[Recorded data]
■ ■ ■ ■ ■
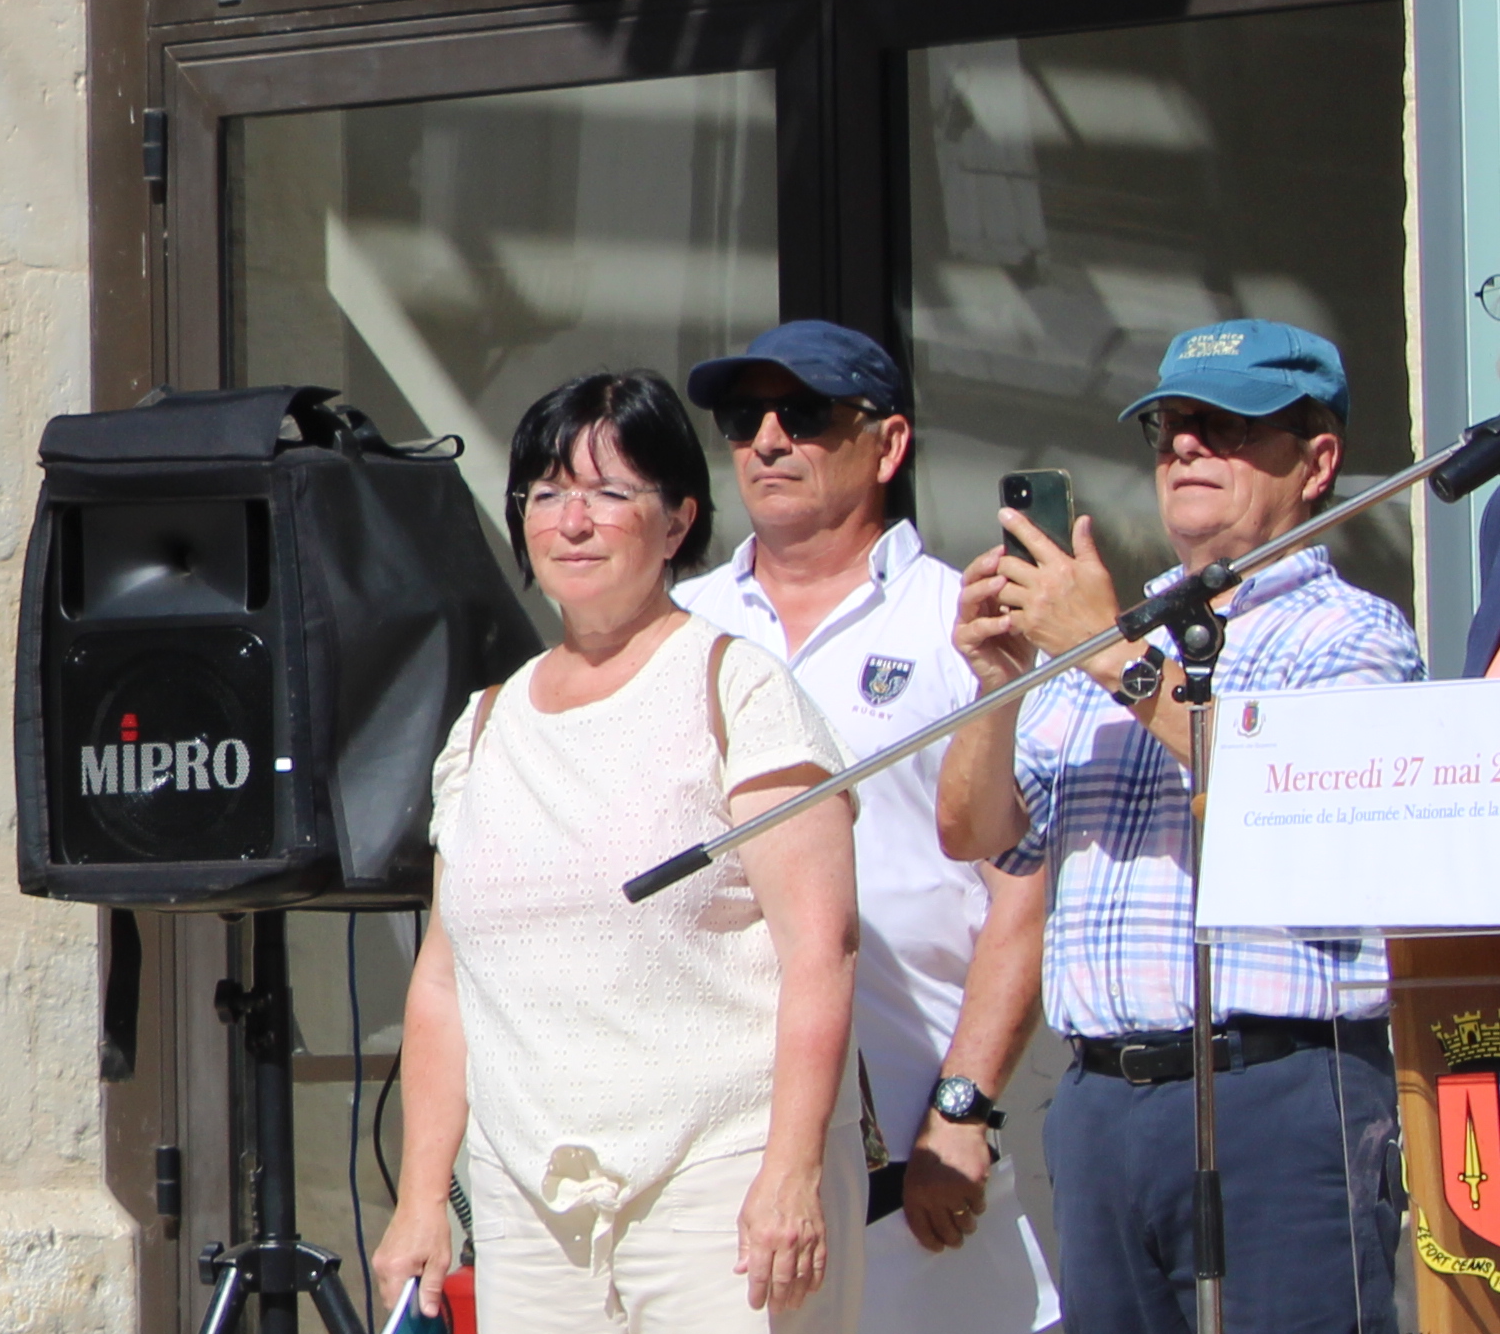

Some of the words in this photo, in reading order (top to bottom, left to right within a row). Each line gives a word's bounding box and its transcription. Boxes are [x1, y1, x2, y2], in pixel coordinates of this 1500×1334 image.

[852, 705, 893, 721] RUGBY
[1264, 757, 1383, 793] Mercredi
[1392, 756, 1424, 788] 27
[1433, 753, 1481, 786] mai
[1243, 809, 1313, 827] Cérémonie
[1316, 808, 1333, 824] de
[1336, 807, 1347, 823] la
[1347, 806, 1399, 825] Journée
[1403, 801, 1465, 820] Nationale
[1468, 801, 1485, 818] de
[1488, 800, 1499, 817] la
[1420, 1242, 1452, 1266] FORT
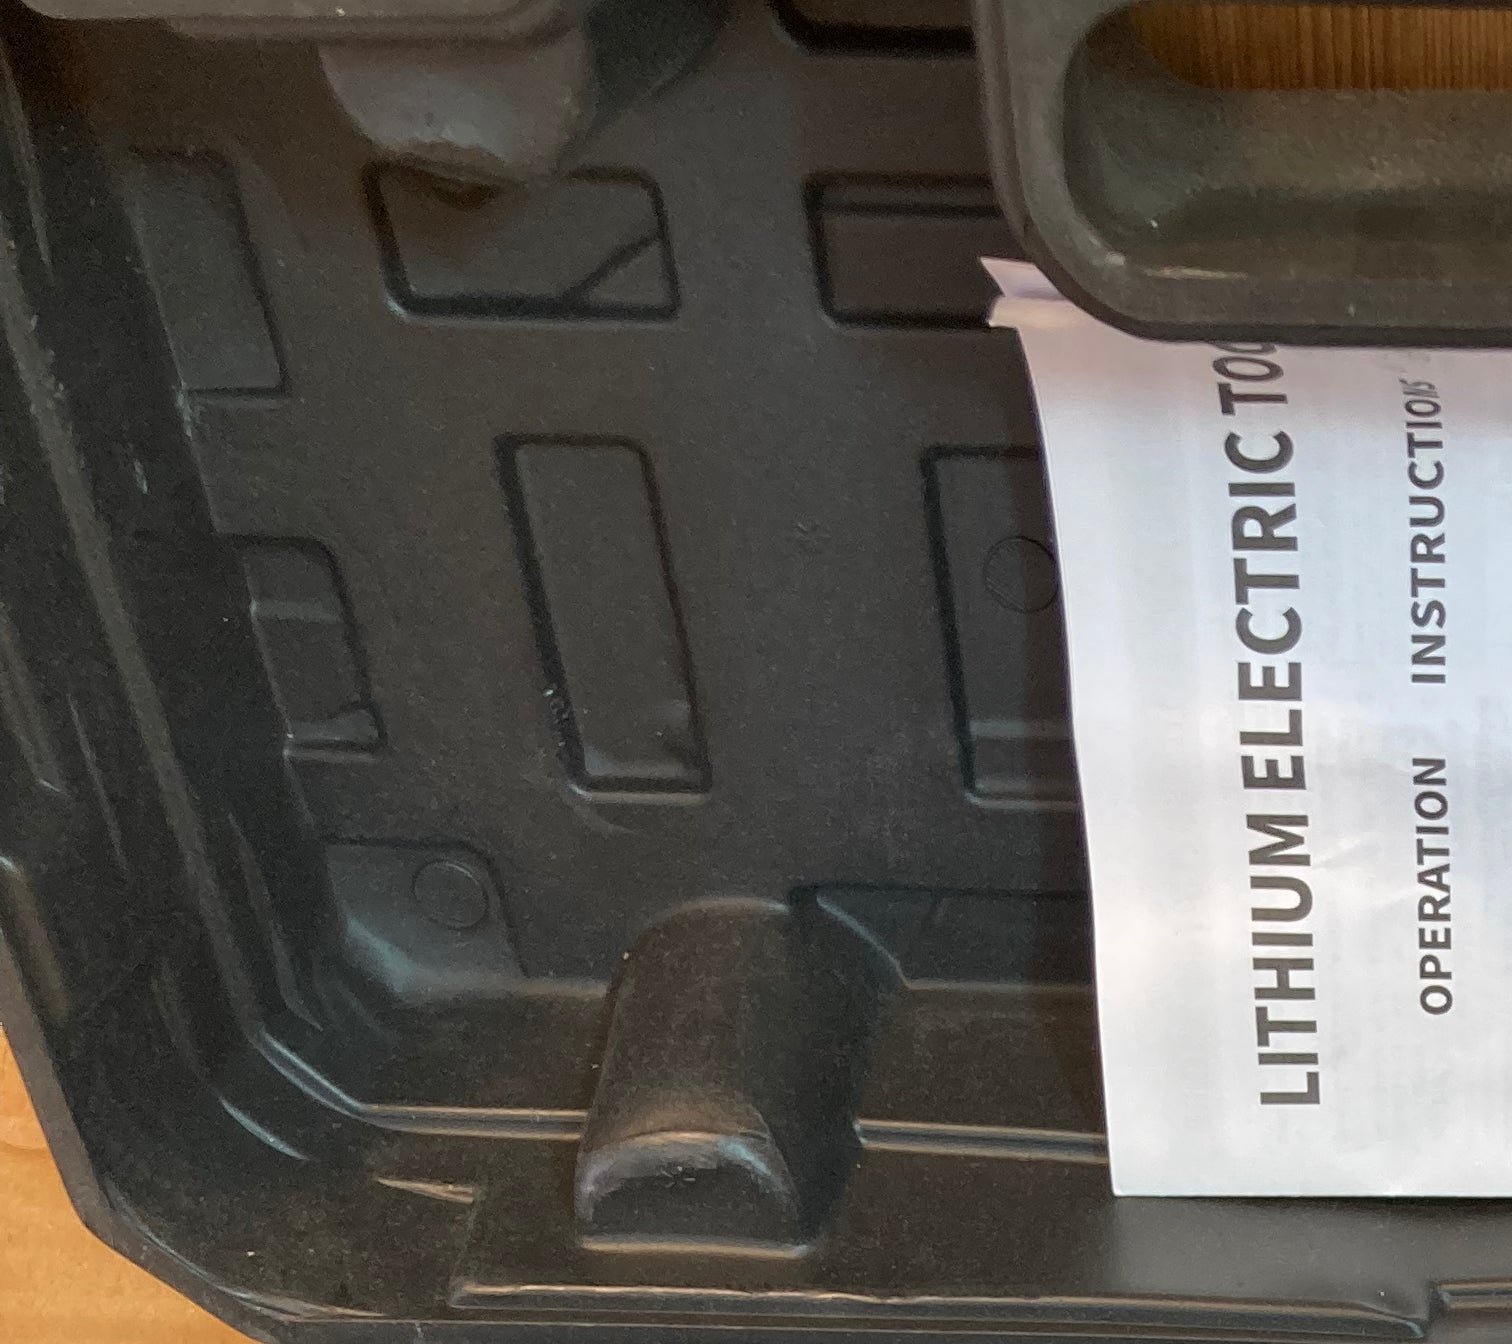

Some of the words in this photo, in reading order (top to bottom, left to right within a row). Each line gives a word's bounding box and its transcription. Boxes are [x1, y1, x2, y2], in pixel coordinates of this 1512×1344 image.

[1224, 431, 1307, 790] ELECTRIC
[1399, 376, 1447, 684] INSTRUCTIONS
[1246, 815, 1320, 1105] LITHIUM
[1412, 757, 1453, 1016] OPERATION
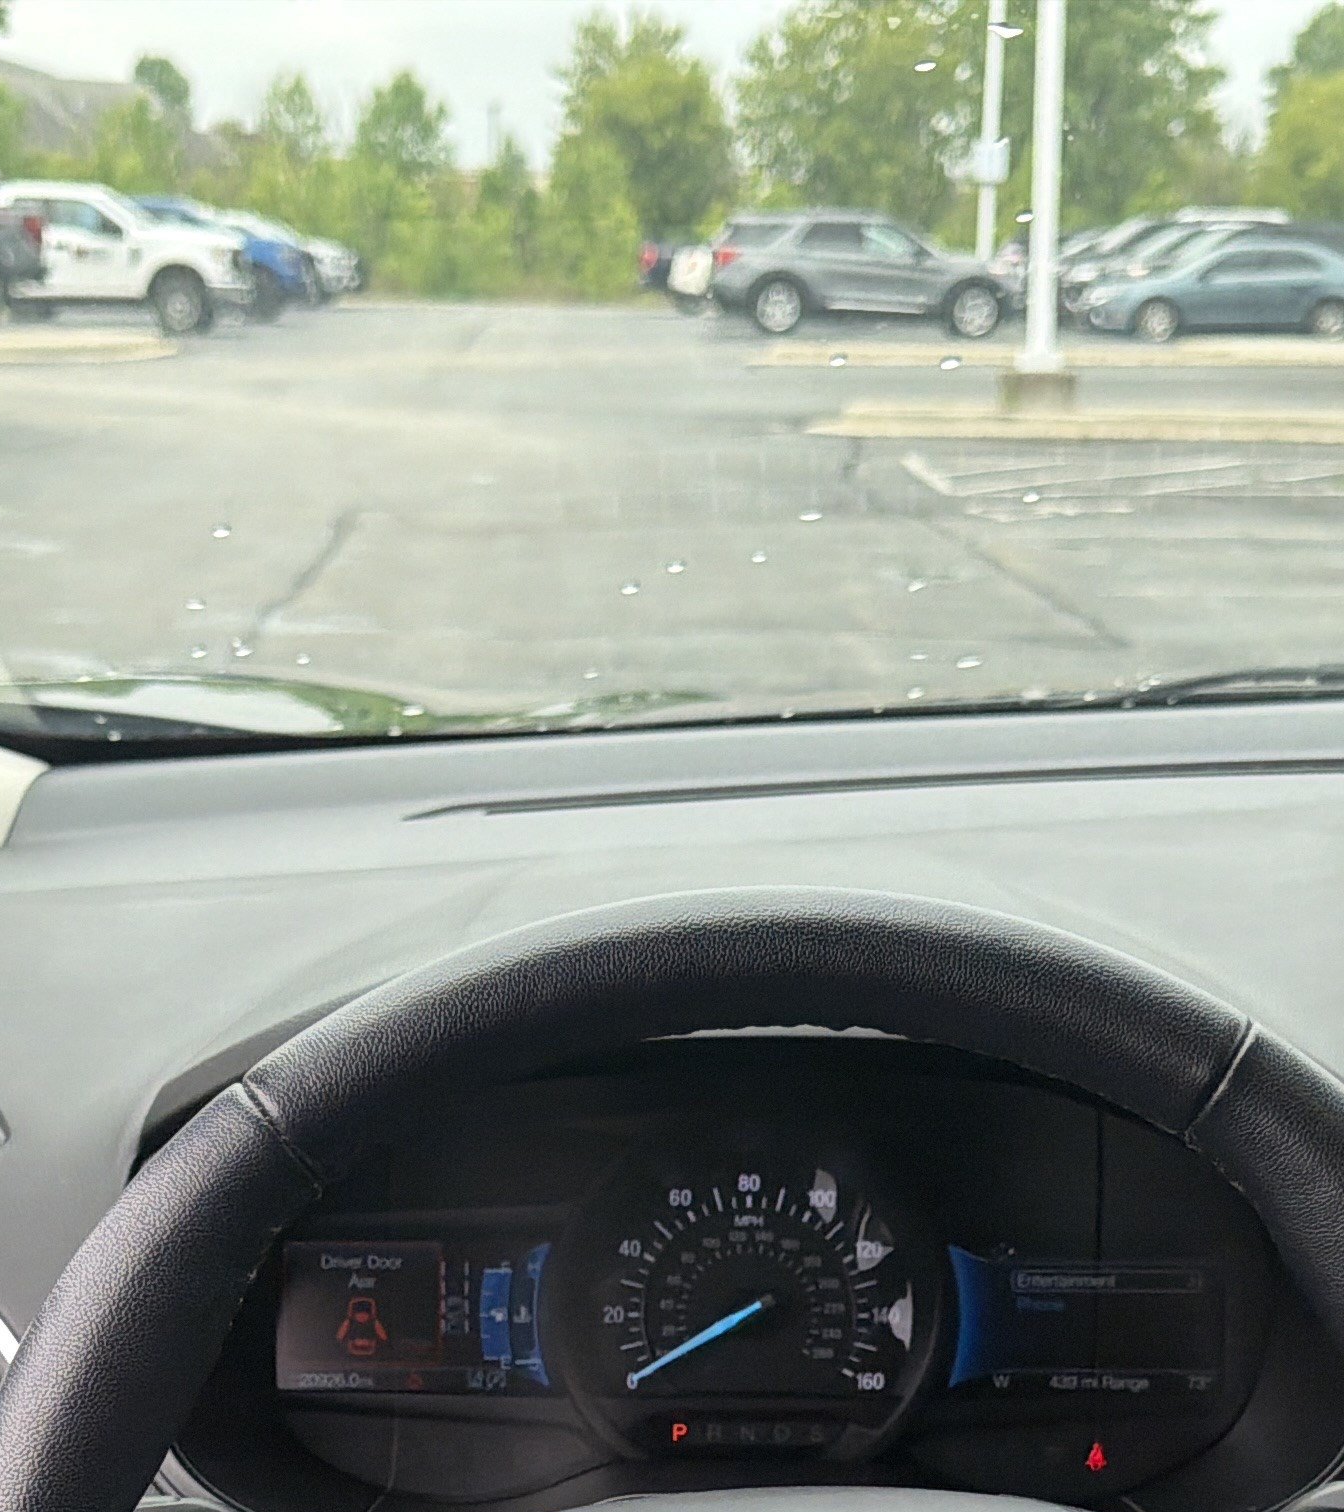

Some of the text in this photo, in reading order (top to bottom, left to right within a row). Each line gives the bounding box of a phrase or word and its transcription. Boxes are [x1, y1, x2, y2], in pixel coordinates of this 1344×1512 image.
■ ■ ■ ■ ■
* [TASK REQUIREMENTS] Quote all of the entries word for word, omitting any pictures.

* [REPLY TO THE EXERCISE]
Some of the words in this photo, in reading order (top to bottom, left to right within a row). Each line gives a word's bounding box and its transcription. Boxes are [x1, y1, x2, y2], in pixel coordinates of this 1500×1334 image.

[852, 705, 893, 721] RUGBY
[1264, 757, 1383, 793] Mercredi
[1392, 756, 1424, 788] 27
[1433, 753, 1481, 786] mai
[1243, 809, 1313, 827] Cérémonie
[1316, 808, 1333, 824] de
[1336, 807, 1347, 823] la
[1347, 806, 1399, 825] Journée
[1403, 801, 1465, 820] Nationale
[1468, 801, 1485, 818] de
[1488, 800, 1499, 817] la
[1420, 1242, 1452, 1266] FORT

Some of the words in this photo, in reading order (top to bottom, left to right within a row). Each line gives a word's bounding box and its transcription. Boxes are [x1, y1, x2, y2], in pixel coordinates of this 1512×1344 image.

[1224, 431, 1307, 790] ELECTRIC
[1399, 376, 1447, 684] INSTRUCTIONS
[1246, 815, 1320, 1105] LITHIUM
[1412, 757, 1453, 1016] OPERATION

Some of the text in this photo, in reading order (top to bottom, left to right within a row). Each line gives the bounding box of a phrase or word and its transcription. Boxes are [x1, y1, x2, y2], in pixel coordinates of this 1344×1512 image.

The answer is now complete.